Wish I Was Here review: Zach Braff disappears up his own hipster naval
Film Title: WISH I WAS HERE
Director: Zach Braff
Starring: Zach Braff, Kate Hudson, Mandy Patinkin
Running Time: 107 min
I was not among those who paid towards the campaign that allowed Zach Braff to make this largely terrible unintended satire of the previous decade’s hipster aesthetics, but, if asked, I would happily contribute any sum required to dissuade him from shooting another. Braff focuses his attentions on a frustrated actor in early middle age facing up to the death of his mildly authoritarian father.
Considering its attempts to address the trials of growing up in a Jewish background, we are reminded of a story about the recording of Captain Beefheart’s Trout Mask Replica (stay with me, here). It is said that the Captain positioned the musicians in different rooms so they could almost hear one another, but not quite. This, I imagine, is how Braff watched the Coen brothers’ masterly A Serious Man when he was plotting his indescribably inferior knock-off.

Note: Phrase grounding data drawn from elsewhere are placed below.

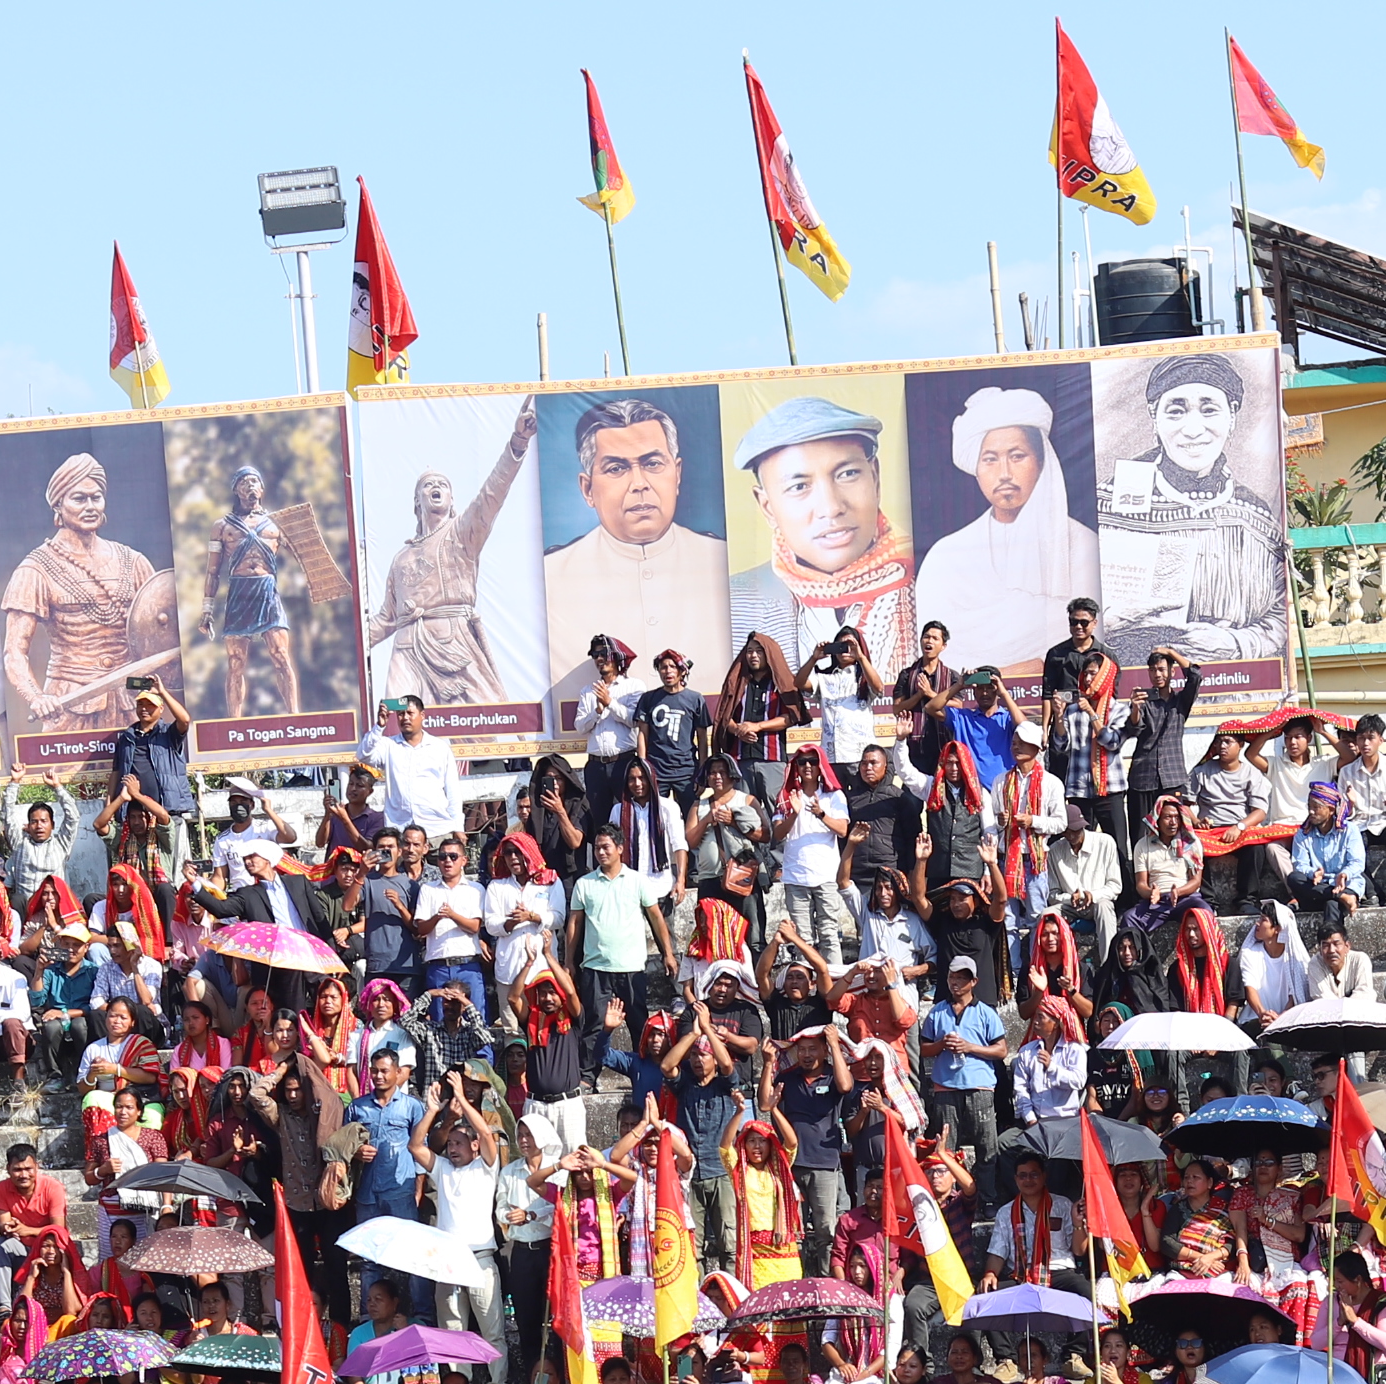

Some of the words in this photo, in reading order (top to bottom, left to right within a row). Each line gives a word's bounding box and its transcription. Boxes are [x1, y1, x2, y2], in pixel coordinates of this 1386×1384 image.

[1118, 493, 1145, 506] 25
[228, 730, 245, 743] Pa
[246, 727, 285, 743] Togan
[287, 724, 336, 741] Sangma
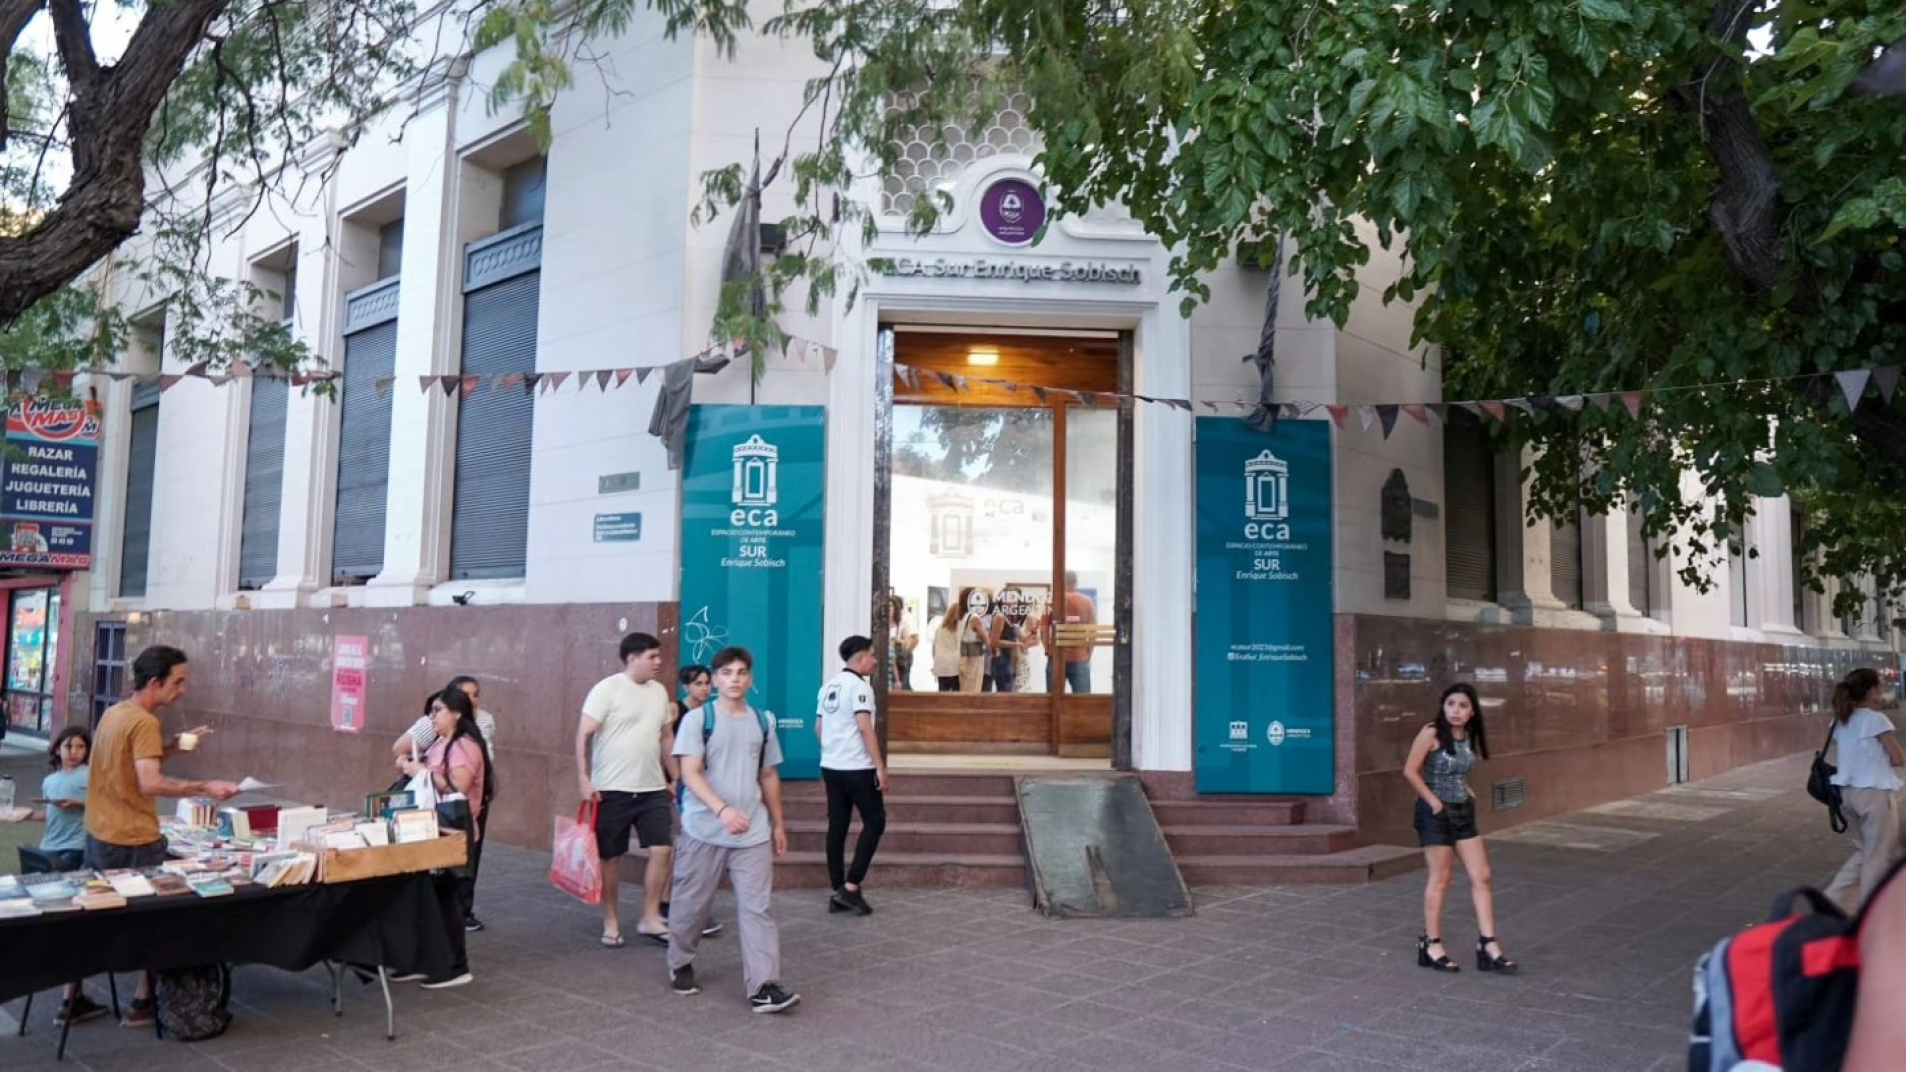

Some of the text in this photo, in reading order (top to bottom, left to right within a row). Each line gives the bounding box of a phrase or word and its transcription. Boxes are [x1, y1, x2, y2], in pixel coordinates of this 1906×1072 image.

[935, 257, 968, 278] Sur
[975, 258, 1050, 283] Enrique
[1060, 261, 1142, 285] Sobisch
[28, 446, 74, 461] BAZAR
[11, 463, 87, 479] REGALERÍA
[5, 480, 91, 497] JUGUETERÍA
[16, 498, 78, 514] LIBRERÍA
[730, 508, 778, 526] eca
[1244, 522, 1290, 540] eca
[739, 545, 767, 557] SUR
[721, 557, 786, 568] Enrique Sobisch
[1253, 558, 1280, 570] SUR
[1236, 571, 1298, 581] Enrique Sobisch
[992, 590, 1053, 603] MENDOZ
[992, 604, 1053, 615] ARGENTIN
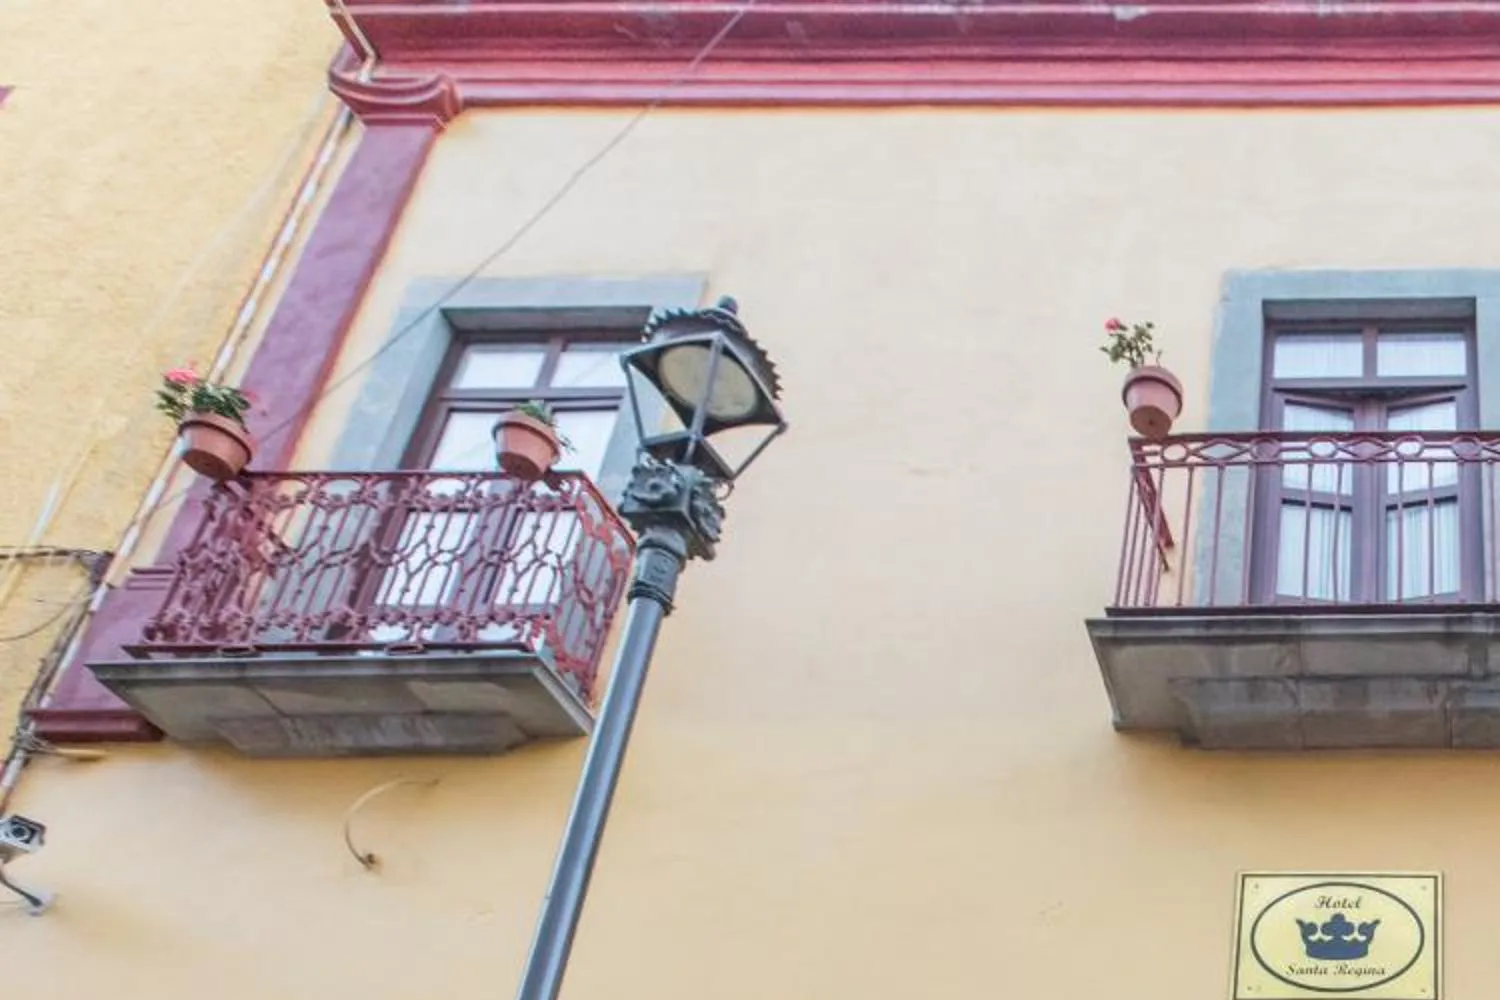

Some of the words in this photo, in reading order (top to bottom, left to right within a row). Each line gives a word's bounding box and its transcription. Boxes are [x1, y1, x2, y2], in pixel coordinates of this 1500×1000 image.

[1314, 895, 1362, 910] Hotel
[1285, 963, 1328, 976] Santa
[1333, 963, 1386, 977] Regina

Anyway, what’s it about? Oh this and that. The protagonist – married to Kate Hudson’s underwritten nonentity – is currently failing to secure enough acting gigs to put his kids through private school. Then terminally ill dad (underused Mandy Patinkin) announces that, now saddled with medical bills, he will be unable to offer any financial assistance. Pop is also in a really bad mood all the time. Why are dying people so bloody selfish? What about poor Zach and his broken dreams?
All this awful solipsism is, of course, scored to the school of post-millennial folk that seemed dated even as it became the anthem of that earlier era’s zeitgeist.
We can blame Braff. But we should also hold back some opprobrium for the members of the public who financed it.